## AIM OF THE EXERCISE
For this exercise, copy the data exactly and omit any images.
*** WORKING DATA Section Begins ***
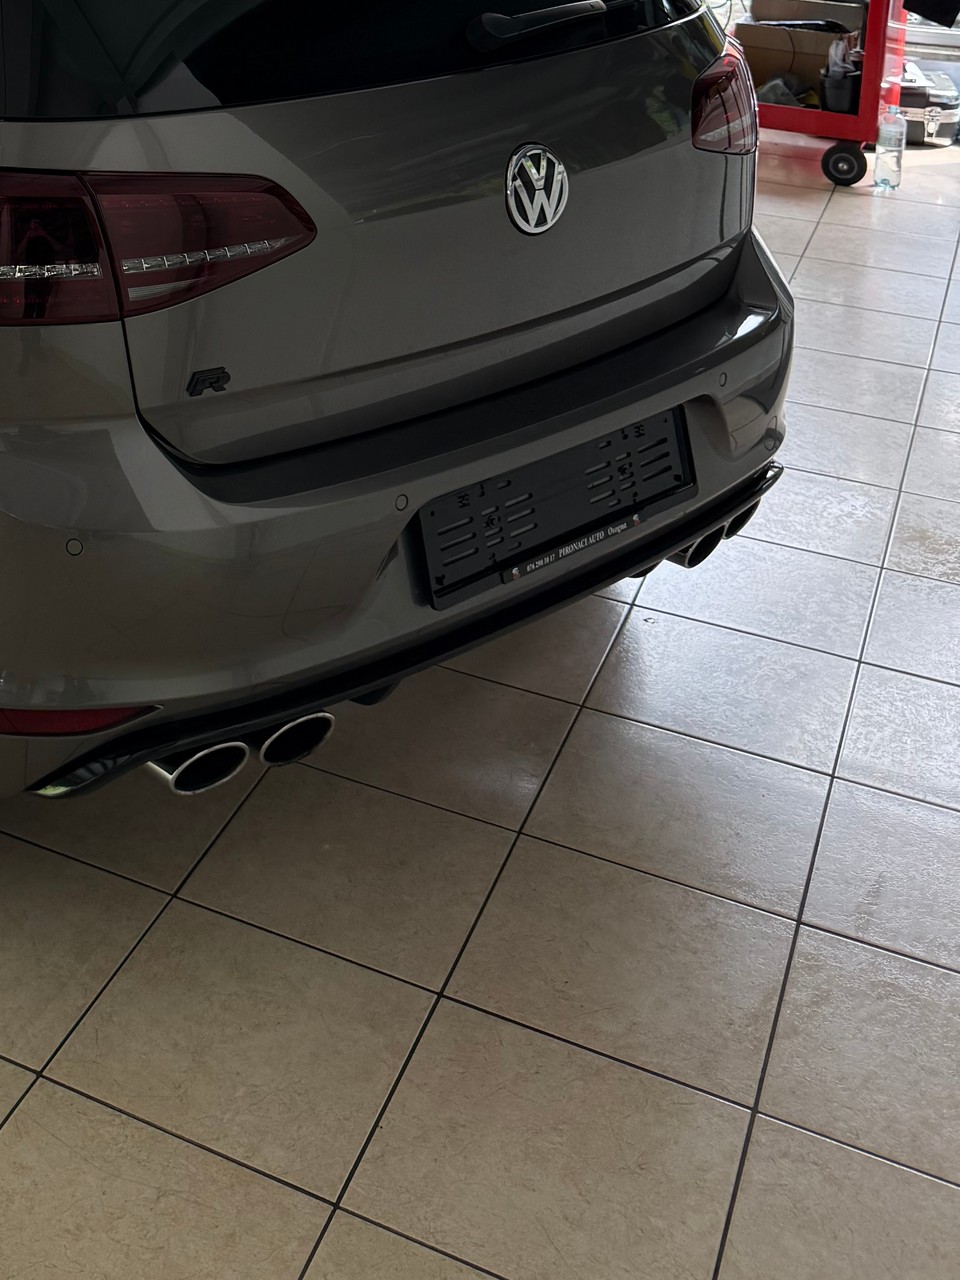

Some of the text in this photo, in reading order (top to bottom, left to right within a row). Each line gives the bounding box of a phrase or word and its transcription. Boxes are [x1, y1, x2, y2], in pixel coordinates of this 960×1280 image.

[186, 366, 231, 397] R
[558, 538, 588, 558] PIRONACI
[588, 530, 605, 545] AUTO
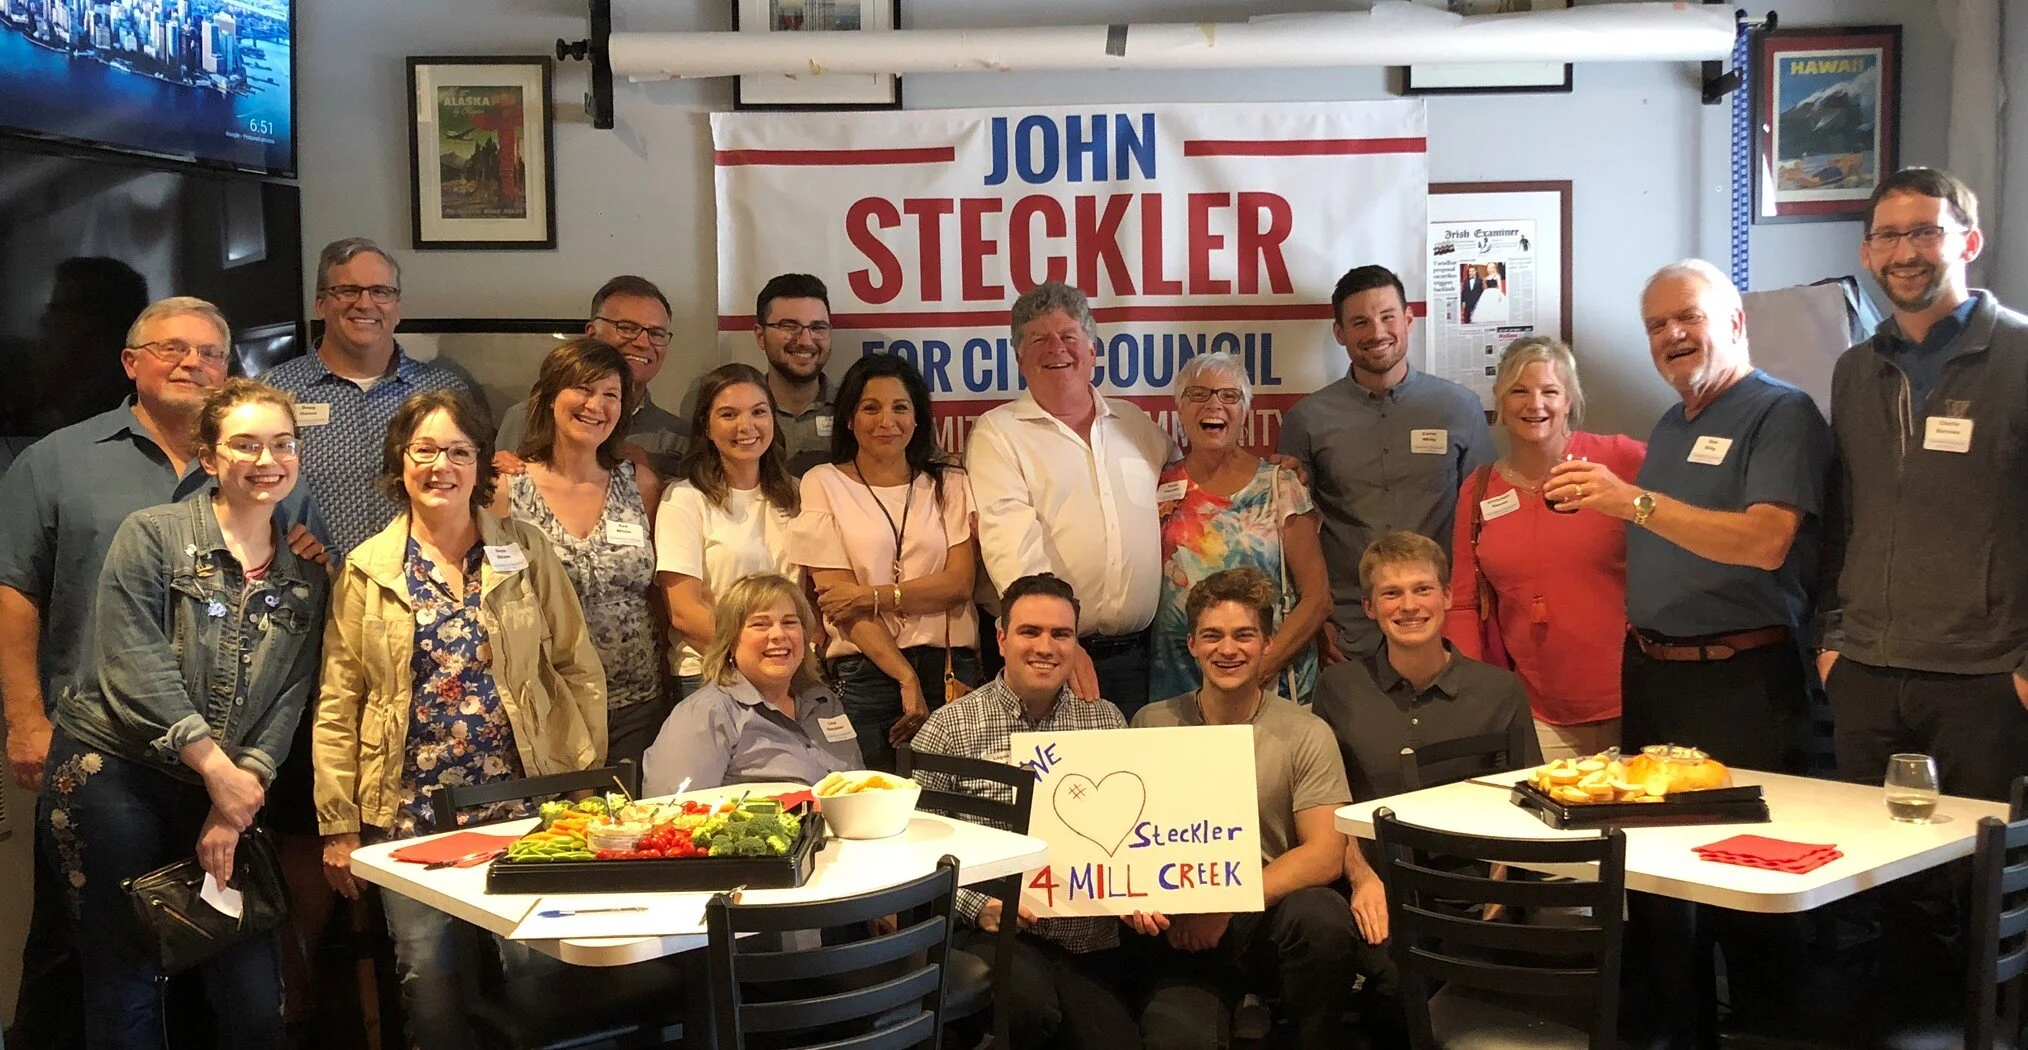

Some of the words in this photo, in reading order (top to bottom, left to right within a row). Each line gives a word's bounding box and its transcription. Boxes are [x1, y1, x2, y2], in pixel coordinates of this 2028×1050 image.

[1790, 58, 1865, 75] HAWAII
[443, 96, 490, 106] ALASKA
[250, 118, 273, 134] 6:51
[984, 113, 1156, 186] JOHN
[845, 192, 1294, 305] STECKLER
[1445, 229, 1470, 240] Irish
[1474, 228, 1519, 239] Examiner
[862, 339, 953, 393] OR
[963, 337, 1029, 393] CI
[1028, 742, 1063, 783] WE
[1128, 819, 1243, 849] Steckler
[1028, 864, 1060, 908] 4
[1068, 862, 1148, 901] MILL
[1158, 860, 1243, 890] CREEK
*** WORKING DATA Section Ends ***
## OUTPUT FOR THIS EXERCISE
Some of the text in this photo, in reading order (top to bottom, left to right within a row). Each line gives the bounding box of a phrase or word and its transcription. Boxes are [x1, y1, x2, y2], in pixel coordinates of this 960×1280 image.

[186, 366, 231, 397] R
[558, 538, 588, 558] PIRONACI
[588, 530, 605, 545] AUTO

Some of the words in this photo, in reading order (top to bottom, left to right within a row). Each line gives a word's bounding box and its transcription. Boxes are [x1, y1, x2, y2], in pixel coordinates of this 2028×1050 image.

[1790, 58, 1865, 75] HAWAII
[443, 96, 490, 106] ALASKA
[250, 118, 273, 134] 6:51
[984, 113, 1156, 186] JOHN
[845, 192, 1294, 305] STECKLER
[1445, 229, 1470, 240] Irish
[1474, 228, 1519, 239] Examiner
[862, 339, 953, 393] OR
[963, 337, 1029, 393] CI
[1028, 742, 1063, 783] WE
[1128, 819, 1243, 849] Steckler
[1028, 864, 1060, 908] 4
[1068, 862, 1148, 901] MILL
[1158, 860, 1243, 890] CREEK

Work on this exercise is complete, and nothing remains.